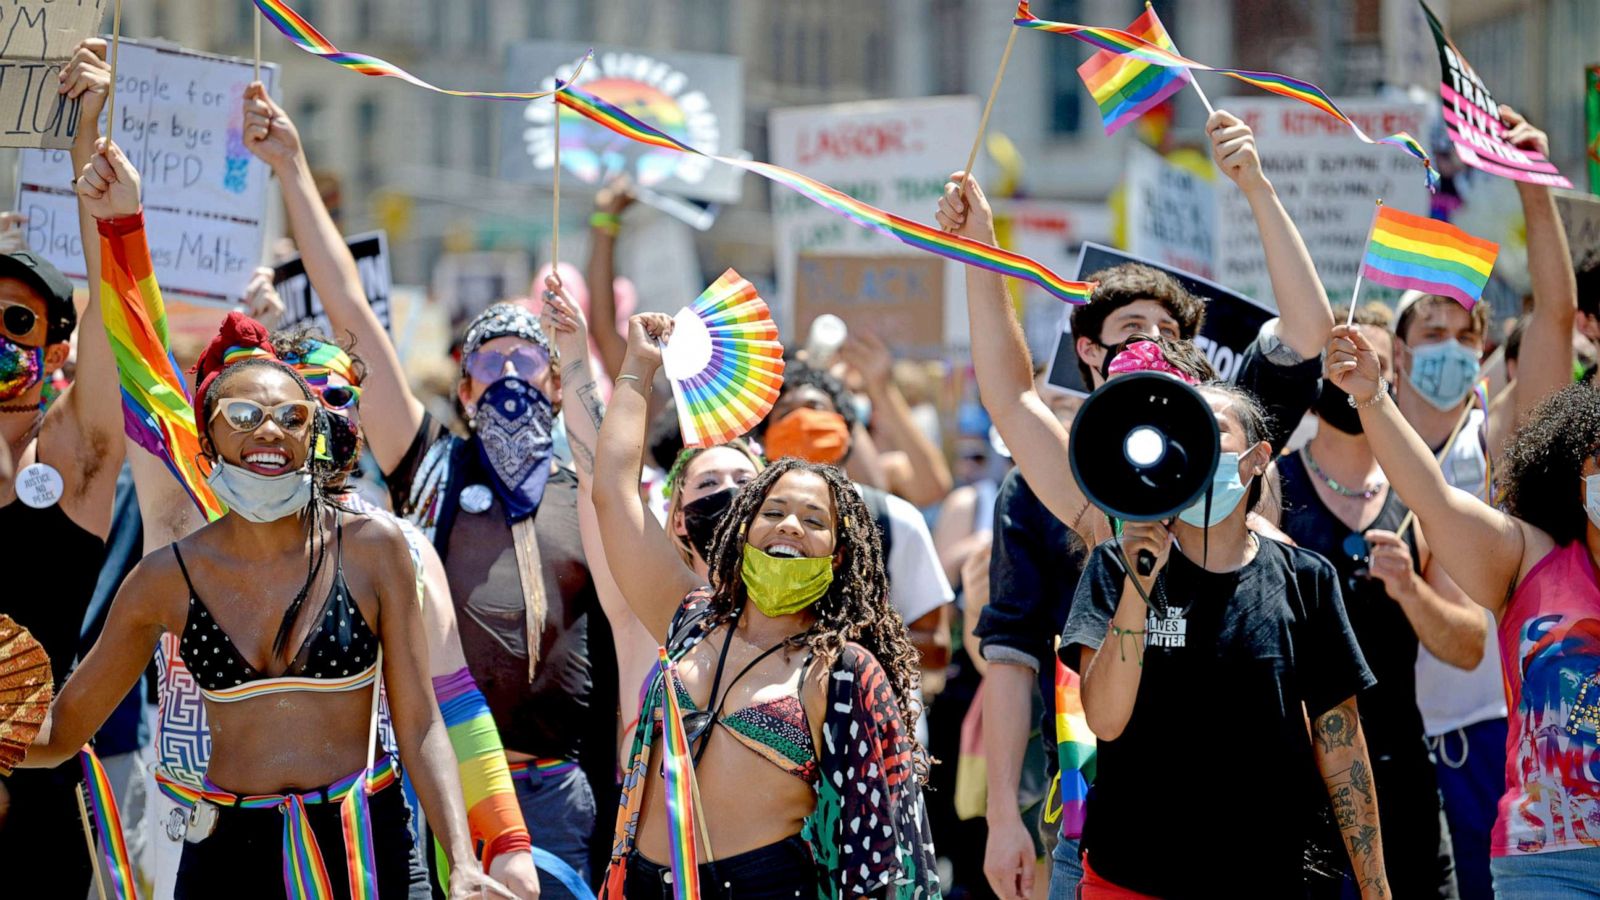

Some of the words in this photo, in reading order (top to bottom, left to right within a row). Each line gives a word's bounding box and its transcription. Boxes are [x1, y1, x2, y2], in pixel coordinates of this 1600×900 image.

[115, 75, 170, 103] eople
[186, 80, 224, 106] for
[1449, 67, 1500, 120] TRAN
[122, 105, 159, 142] bye
[171, 113, 213, 150] bye
[1453, 94, 1512, 147] LIVE
[28, 204, 81, 257] Blac
[174, 231, 247, 274] Matter
[1150, 619, 1179, 632] LIVES

----------

What is being asked >>
Please hand back every entry above exactly, with no images in the copy.

Your response >>
Some of the words in this photo, in reading order (top to bottom, left to right within a row). Each line gives a word's bounding box and its transcription. Boxes are [x1, y1, x2, y2], in pixel coordinates of this 1600×900 image.

[115, 75, 170, 103] eople
[186, 80, 224, 106] for
[1449, 67, 1500, 120] TRAN
[122, 105, 159, 142] bye
[171, 113, 213, 150] bye
[1453, 94, 1512, 147] LIVE
[28, 204, 81, 257] Blac
[174, 231, 247, 274] Matter
[1150, 619, 1179, 632] LIVES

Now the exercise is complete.